A Performance of Freedom in Times of Dictatorships

Yenisel Rodriguez

Mulutrella is a living statue who offers highly political art.  He performs in the public setting of Plaza Vieja, which is administered by the Office of the City Historian.  The patrimonial and touristic atmosphere of the site disguises his controversial inclination.

The speeches that he makes include those of absurd characters who invite passersby to reflect on their daily strife.

I say “invite” because it’s very easy for one to continue along their way when they don’t want to or cannot participate in such a unique spectacle.  For those who stop, observation instantly turns into creation.

Mulutrella can play the role of a surrealist statue that advises parents how to think of their children:

“Your children are not your children; they are the children of life…

They don’t come from you, but through you”

Many parents are left exposed to their paternalism, to their children as well as to themselves when they validate Mulutrella’s comment with an abetting smile.

Mulutrella can appear with the yellow helmet of a construction worker, painted silver and dressed in overalls made of newspaper clippings.  From him are heard interjections that gradually begin to make sense.  Raising his arms and inspired by the aesthetics of comic theater, he begins to sing: “How long is it going to be like this mama, how long.”
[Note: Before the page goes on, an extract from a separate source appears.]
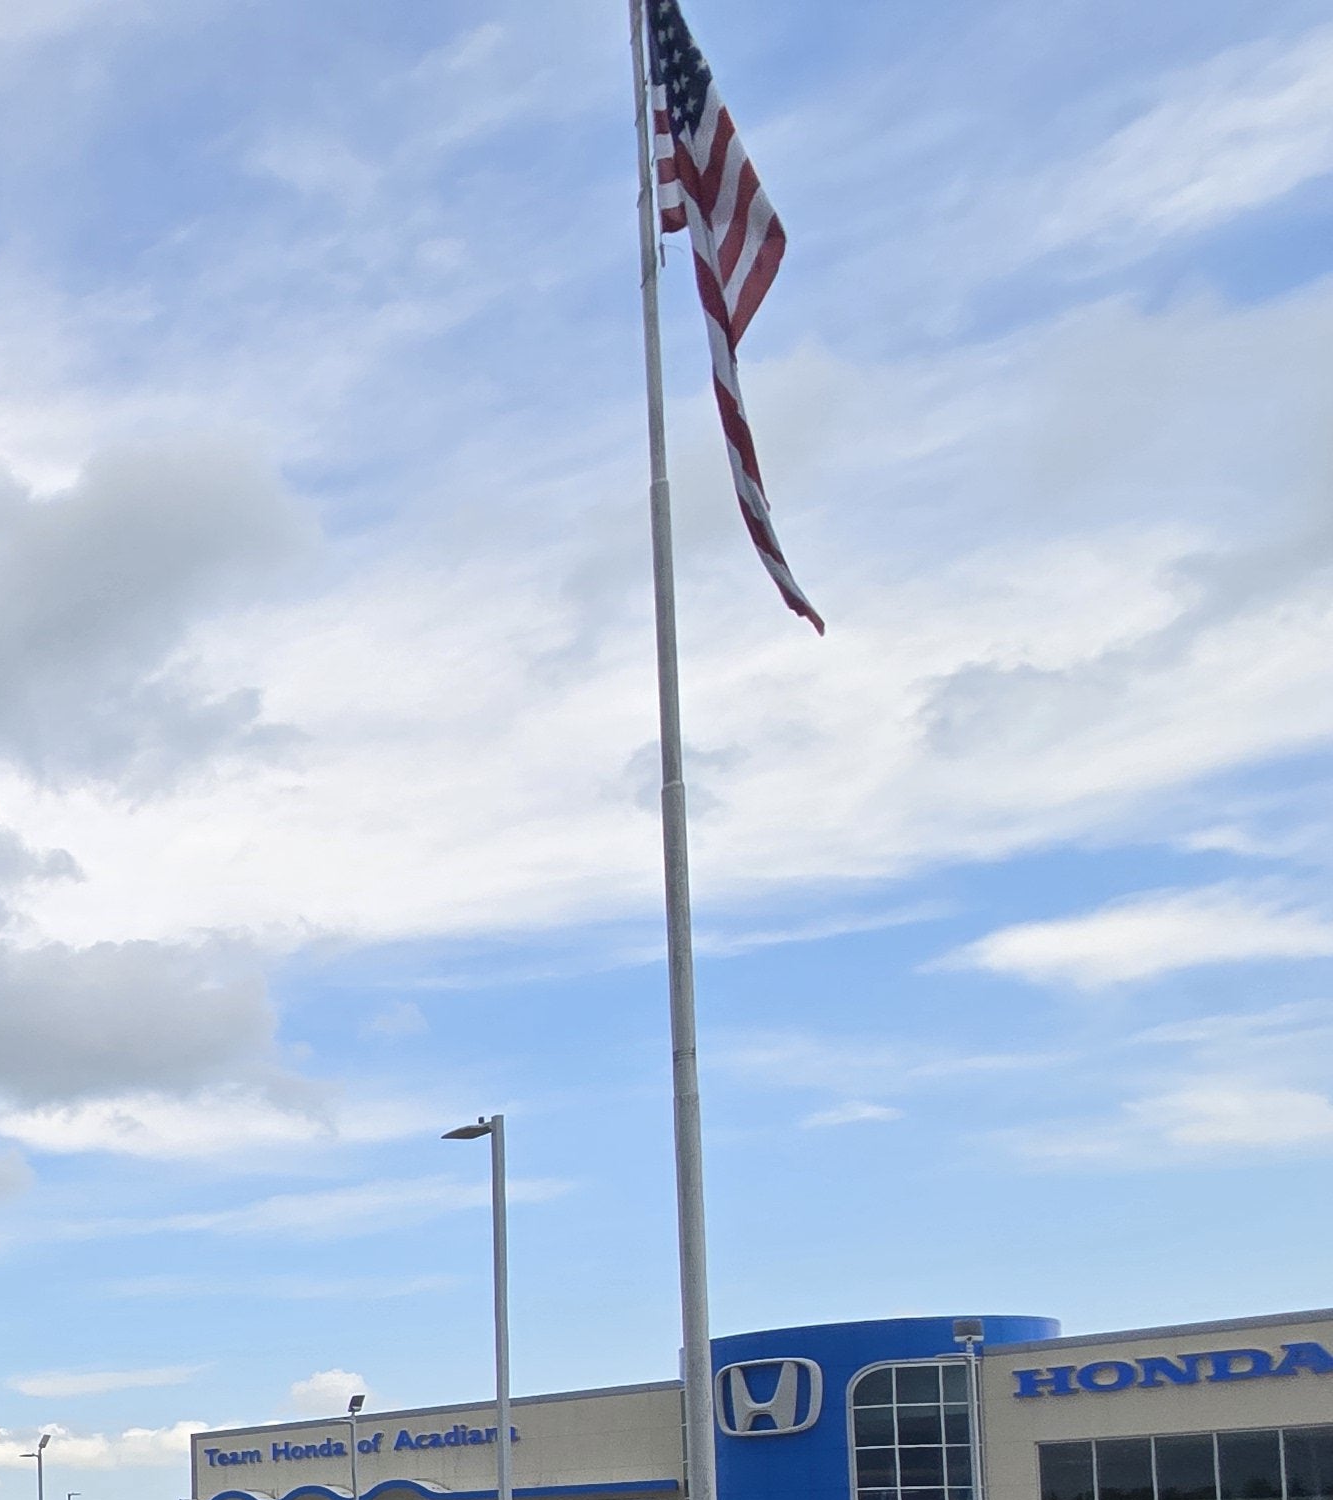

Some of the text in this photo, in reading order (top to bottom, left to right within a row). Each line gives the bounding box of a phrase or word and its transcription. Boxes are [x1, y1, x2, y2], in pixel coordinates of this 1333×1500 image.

[1011, 1342, 1333, 1398] HONDA
[204, 1446, 262, 1467] Team
[272, 1437, 348, 1462] Honda
[357, 1432, 384, 1454] of
People begin to repeat his choruses to a conga step.  There then emerges a jocular complicity that is also embodied as civic participation.
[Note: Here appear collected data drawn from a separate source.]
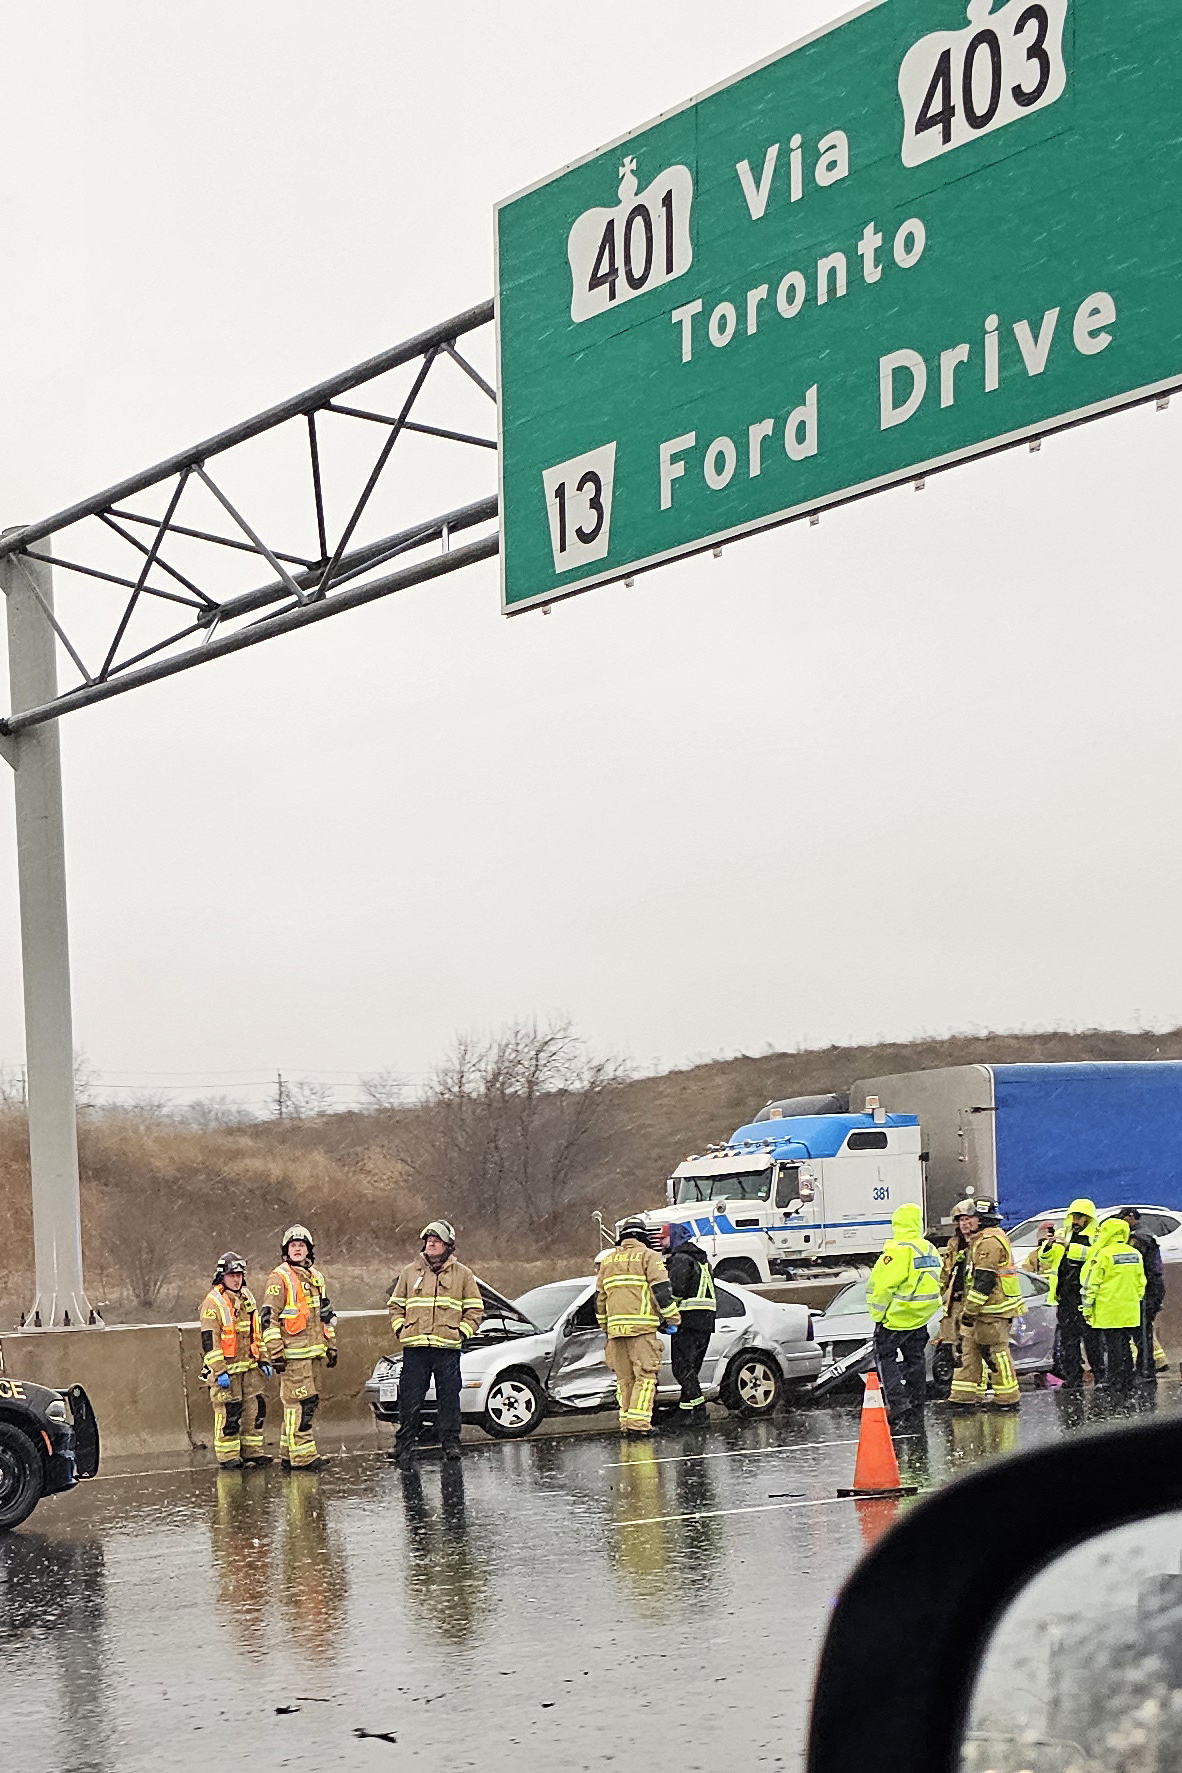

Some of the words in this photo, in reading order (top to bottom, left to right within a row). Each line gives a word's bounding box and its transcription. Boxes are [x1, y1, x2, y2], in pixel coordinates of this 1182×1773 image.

[588, 190, 674, 302] 401
[736, 130, 849, 221] Via
[914, 4, 1051, 146] 403
[672, 217, 926, 363] Toronto
[553, 470, 604, 553] 13
[659, 383, 818, 510] Ford
[880, 291, 1117, 430] Drive
[873, 1187, 890, 1200] 381
There are days when Mulutrella presents stark characters that vent their hostility directly against the order of things experienced in Cuba.  Those days are intense for Mulutrella because such radicalized art responds to real and difficult circumstances.  It’s another form of relating to the system, something closer to the common citizen.

Those are days of temperamental catharsis, of spiritual militancy armed with freedom, of political heroism and perhaps also of irrational exhaustion before the indefinable dilation of intuited change.

On those days few stop to listen to Mulutrella, and even fewer decide to participate in his performance.  Mulutrella is isolated and vulnerable in the face of the prophylactic leer of state power.

“Freedom.”

Mulutrella’s characters don’t say a lot on those days of Kafkaesque purification, yet popular astonishment has no limits.

Mulutrella returns home and behind the scenes tells me what happened.

“Yeni, today I lost the muse again,” he tells me glibly.

I again give him pertinent and prudent advice.

But at the root of it all, I recognize courage and substance in the actor standing in front of me.

Mulutrella is returning this year with new ideas to politically adorn the docile environment of Plaza Vieja.  It could be that when we find him we will choose to enjoy his art.  That’s why we shouldn’t forget that his stage is also an open door for expressing ourselves freely: a performance of freedom in times of dictatorships.